GPS Jammers Helping Car Thieves

Posted on 23 February 2010 by Komplettie in News

So you’re pretty impressed with that GPS system that will help pinpoint your car’s position should it be stolen? Well, it appears that some criminals may just have found a way through that master-plan via imported GPS ‘jammers’. Already popular in the UK and pretty certain to make their way over here if they haven’t already; expensive cars and lorries with valuable loads have been targeted by some rapscallions who use the ‘jammers’ to send out radio signals at the same frequency at the Global Positioning System (GPS) satellites, overwhelming the timing signal that in-car devices use to plot their position.

A Guardian report this morning tells how this means “a tracker device built into a lorry with a valuable load, or a car with an anti-theft GPS device which should report its position if stolen, cannot distinguish the correct GPS signal”. Muddying the waters even further, it’s not actually illegal to import or own such a ‘jammer’ in the UK, just to use or sell them. Nice watertight laws there eh.

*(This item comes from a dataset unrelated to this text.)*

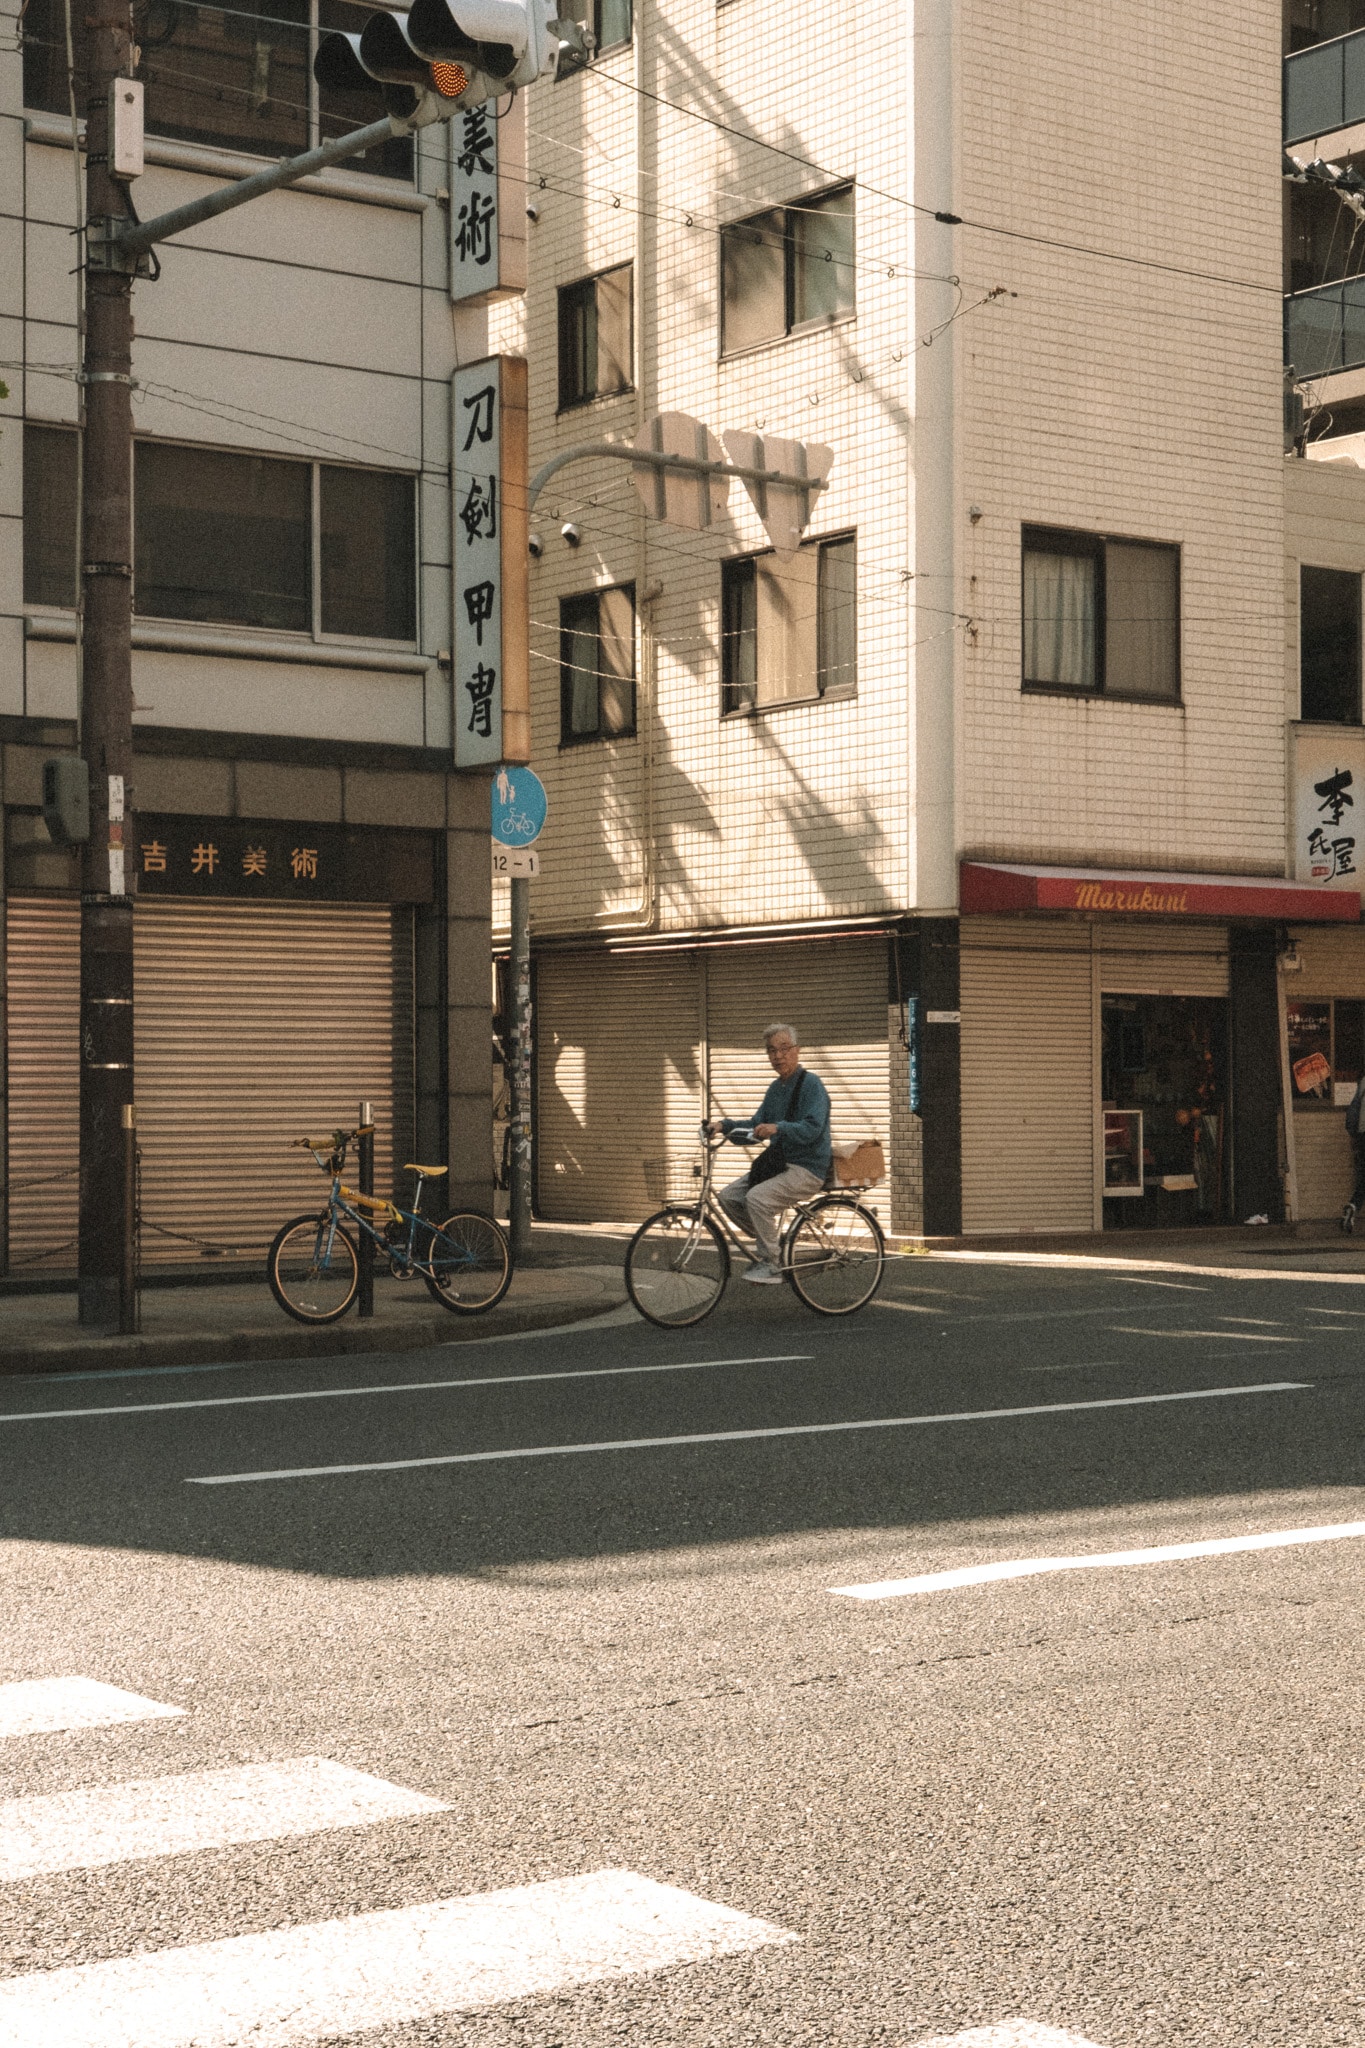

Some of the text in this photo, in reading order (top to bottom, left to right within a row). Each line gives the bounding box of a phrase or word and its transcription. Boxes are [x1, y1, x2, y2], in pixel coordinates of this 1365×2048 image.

[455, 104, 496, 266] 美術
[140, 840, 318, 879] 吉井美術
[1074, 882, 1188, 912] Marukuni
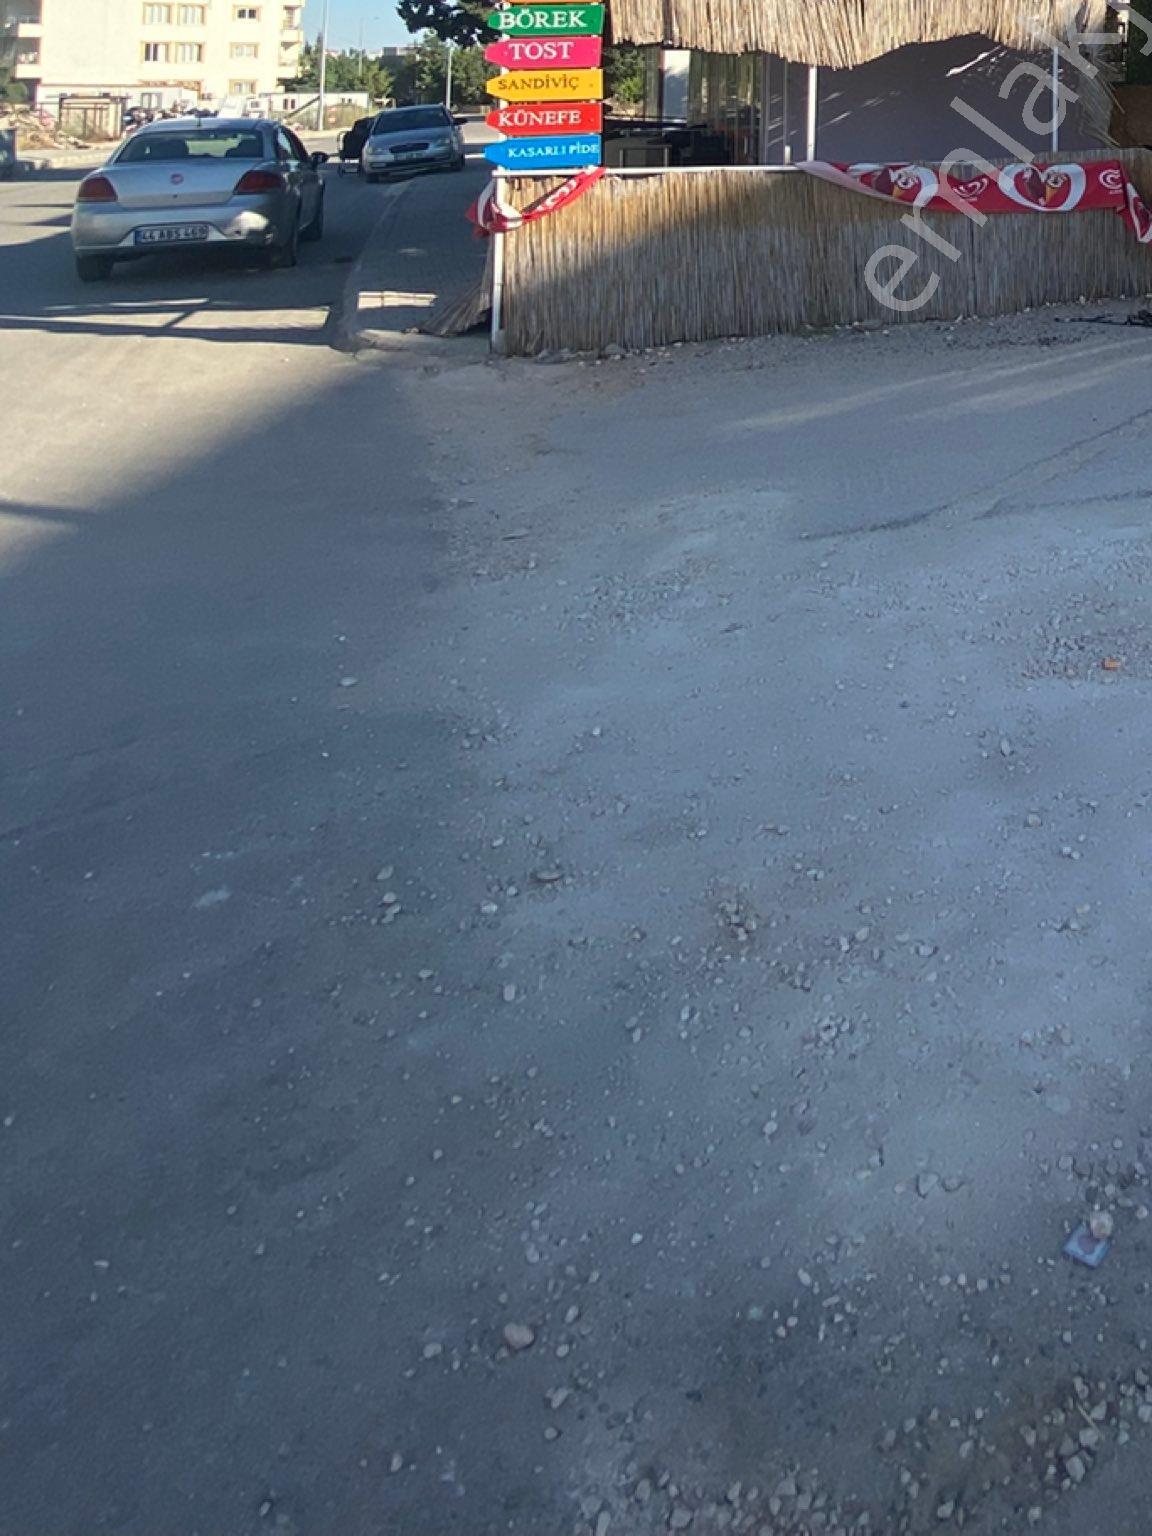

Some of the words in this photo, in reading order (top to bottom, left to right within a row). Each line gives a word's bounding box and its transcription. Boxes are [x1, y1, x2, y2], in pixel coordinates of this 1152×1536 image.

Continues the report, “Satnav devices rely on being able to “see” at least four of the 30 satellites orbiting about 20,200km (12,550 miles) above the earth: by correlating the very precise timing and identification signals they transmit, a ground-based device can calculate its own location to within about 1 metre. However, the jamming devices do not have to put out a strong signal to disrupt GPS reception.”
Bob Cockshott, who heads the location and timing program for the Technology Strategy Board, funded by the UK government’s Department of Business, Innovation and Skills fears that much more powerful jammers could have multiple uses for criminal gangs. “They would work over tens of kilometres, so drugs gangs might use them to disrupt navigation in the Thames estuary if they were taking a delivery and didn’t want rivals to be able to trace them.”
Charles Curry, the managing director of Chronos Technology, who also heads a consortium which is building a GPS-jamming detection system with a £2.2m UK government grant, said that the biggest fear was that a powerful GPS jammer might be used by terrorists near an airport.
“If you lost GPS capability on planes or other things that rely on accurate timing, such as the emergency networks or power stations, then if they don’t build in the ability to mitigate against such attacks there could be very serious consequences.” The detection system is now in its prototype stages and would be used at airports, harbours and other locations which rely on the nanosecond accuracy of GPS outputs.